Scientific classification
- Kingdom: Plantae
- Clade: Tracheophytes
- Clade: Angiosperms
- Clade: Monocots
- Clade: Commelinids
- Order: Poales
- Family: Poaceae
- Subfamily: Panicoideae
- Genus: Oplismenus
- Species: O. thwaitesii
- Binomial name: Oplismenus thwaitesii Hook.

= Oplismenus thwaitesii =

- Genus: Oplismenus
- Species: thwaitesii
- Authority: Hook.

Species of grass

Oplismenus thwaitesii is a flowering plant that is endemic to India.

==Description==
The species' culms are prostrate and are 10–25 cm long. The leaf-blades are ovate and are 1–3 cm long and 2.5–5 mm wide. It has an obscure cross veins venation. The species also has 3–4 unilateral racemes which are located along the central axis, and are 1–2 cm long. The central part of the inflorescence axis is 3–6 cm long. It also has angular rachis which bottom is glabrous. The spikelets grow in pairs and are 2–5 mm apart from each other. They are also fertile, pedicelled, and sessile, with pedicels being oblong. They grow in a cluster of 2 and are subequal. Glumes are shorter than a spikelet and thinner than fertile lemma.
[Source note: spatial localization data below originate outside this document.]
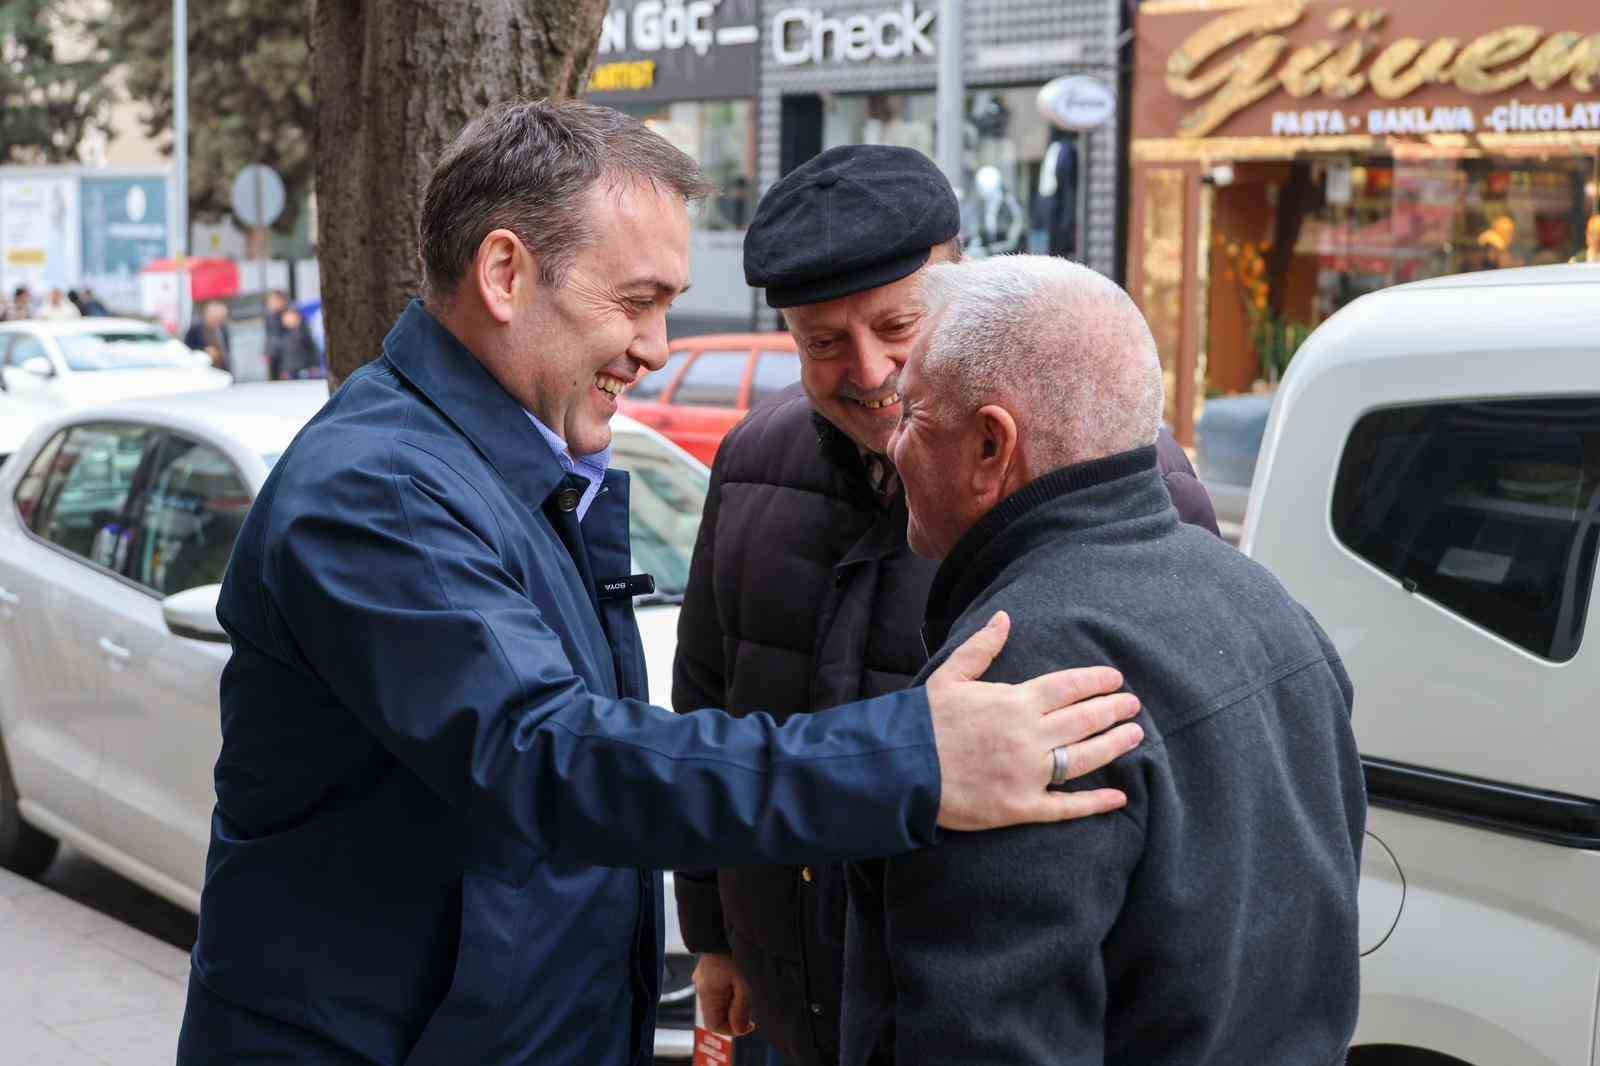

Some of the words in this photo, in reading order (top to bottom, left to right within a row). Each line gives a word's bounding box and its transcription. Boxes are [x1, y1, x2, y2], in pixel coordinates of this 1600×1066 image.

[773, 0, 937, 64] Check
[1272, 110, 1345, 135] PASTA
[1367, 105, 1475, 133] BAKLAVA
[604, 582, 626, 591] BOYA
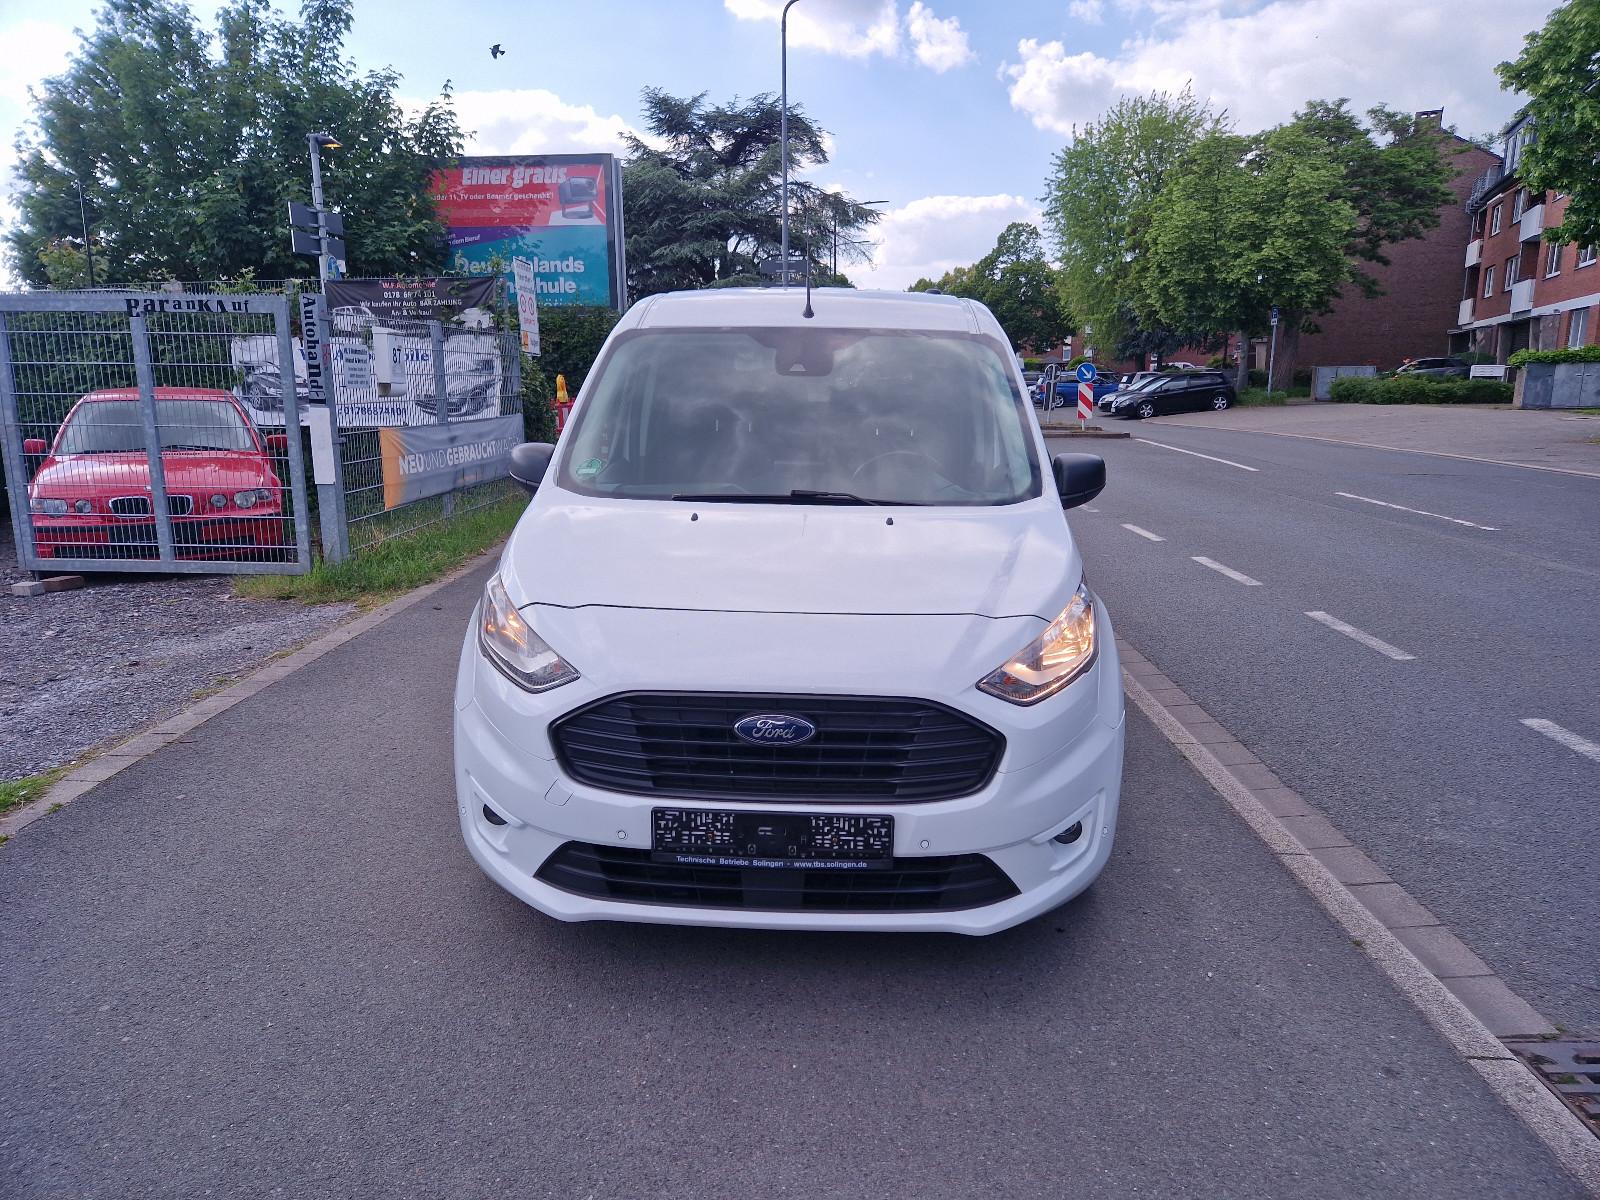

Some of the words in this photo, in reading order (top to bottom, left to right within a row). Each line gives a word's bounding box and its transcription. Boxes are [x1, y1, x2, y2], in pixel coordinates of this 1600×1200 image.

[462, 167, 510, 185] Einer
[383, 291, 400, 299] 0178
[752, 719, 796, 738] Ford
[676, 855, 716, 864] Technische
[719, 857, 749, 866] Betriebe
[752, 859, 784, 868] Solingen
[793, 860, 867, 869] www.tbs.solingen.de
The lower glume is ovate and have a pubescent surface. Its apex is acute and 1 awned. The awn is 0.5–1.5 mm long, has no vesture, but is scaberulous. The upper glume is ovate as well but is herbaceous, 1-keeled and has veins of 5–7. Just like the lower glume, it is pubescent on the bottom but has an obtuse apex which can also be mucronate or muticous as well. Florets are 1-keeled and pubescent just like glumes but are 7-11 veined. The lower sterile floret of the lemma is ovate and is 1 length of a spikelet which is also emarginate, membranous and mucronate. The fertile lemma is coriaceous, keelless, oblong, shiny and is 2–2.5 mm long with involute margins and acute apex.